2. Materials and Methods

2.1. Sample Collection and Isolation of Genomic DNA

For characterization of αS1-CN5′ and to determine the variants/haplotypes among Indian zebu cattle, blood samples of 19 unrelated animals from 13 breeds from diverse agroclimatic zones were collected from their respective native breeding tracts. The selected breeds and their respective sample sizes (given in parenthesis) represented dairy {Gir (1), Tharparkar (2), Rathi (2), Red Sindhi (2), and Sahiwal (2)}, draught {Amritmahal (1), Kangayam (1), and Red Kandhari (2)}, and dual purpose {Deoni (1), Gaolao (1), Hariana (2), Kankrej (1), and Mewati (1)}. Genomic DNA was isolated by enzymatic Proteinase-K digestion (Sigma Chemical Co. St. Louis, MO, USA) followed by standard phenol-chloroform extraction procedure [20]. The quality of isolated genomic DNA was analyzed on SafeViewTM (NBS Biologicals Ltd., England) stained 0.6% agarose gel and was quantified through NanoView (GE Healthcare, UK).

2.2. PCR Primers and Pmplification of αS1-CN5

Primer pairs αS1-CN-F1 (5′-CCAATCCAGATATTGAACCTGC-3′) and αS1-CN-R1 (5′-ATAGGAAAGTACCAATACTTGC-3′) were used to amplify a fragment of 1,639 bp including promoter, exon-I, and intron-I region of αS1-CN. The primers were designed through PRIMER2 software using cow genomic sequence data available at ENSEMBL database (BTAU 4.0:6).
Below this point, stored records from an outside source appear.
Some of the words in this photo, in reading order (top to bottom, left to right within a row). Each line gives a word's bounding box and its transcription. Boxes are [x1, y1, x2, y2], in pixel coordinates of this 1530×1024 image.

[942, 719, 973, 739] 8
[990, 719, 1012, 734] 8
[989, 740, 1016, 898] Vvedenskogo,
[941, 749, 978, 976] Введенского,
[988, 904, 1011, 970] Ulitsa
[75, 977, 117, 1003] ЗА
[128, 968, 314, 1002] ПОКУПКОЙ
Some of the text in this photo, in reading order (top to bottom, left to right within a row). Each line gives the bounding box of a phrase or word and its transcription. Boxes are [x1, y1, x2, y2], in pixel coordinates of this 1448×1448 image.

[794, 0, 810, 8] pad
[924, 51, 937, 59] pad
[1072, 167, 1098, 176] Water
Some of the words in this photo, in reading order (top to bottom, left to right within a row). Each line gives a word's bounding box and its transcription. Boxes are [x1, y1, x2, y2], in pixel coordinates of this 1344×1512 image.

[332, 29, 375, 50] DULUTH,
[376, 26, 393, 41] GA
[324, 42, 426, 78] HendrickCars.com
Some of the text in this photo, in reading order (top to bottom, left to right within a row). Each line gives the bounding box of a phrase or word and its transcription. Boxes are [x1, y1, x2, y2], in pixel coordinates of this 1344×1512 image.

PCR reaction was performed in 25 μL reaction mixture containing 100-150 ng of genomic DNA, 5 p mole of each primer, 200 μM of dNTPs mix, 1X PCR buffer, 1.5 mM MgCl2, and 1.5 unit of Taq DNA polymerase (Invitrogen, Carlsbad, CA, USA) and was carried out in Mastercycler ep Gradient thermal cycler (Eppendorf, Germany) using thermal cycling conditions as initial denaturation at 95°C for 2 min, followed by 30 cycles at 95°C for 60 sec, 59°C for 45 sec and 72°C for 2.30 min with a final extension at 72°C for 10 min. The amplicons were electrophoresed through 1.2% SafeView stained agarose gel and were visualized under UV transilluminator.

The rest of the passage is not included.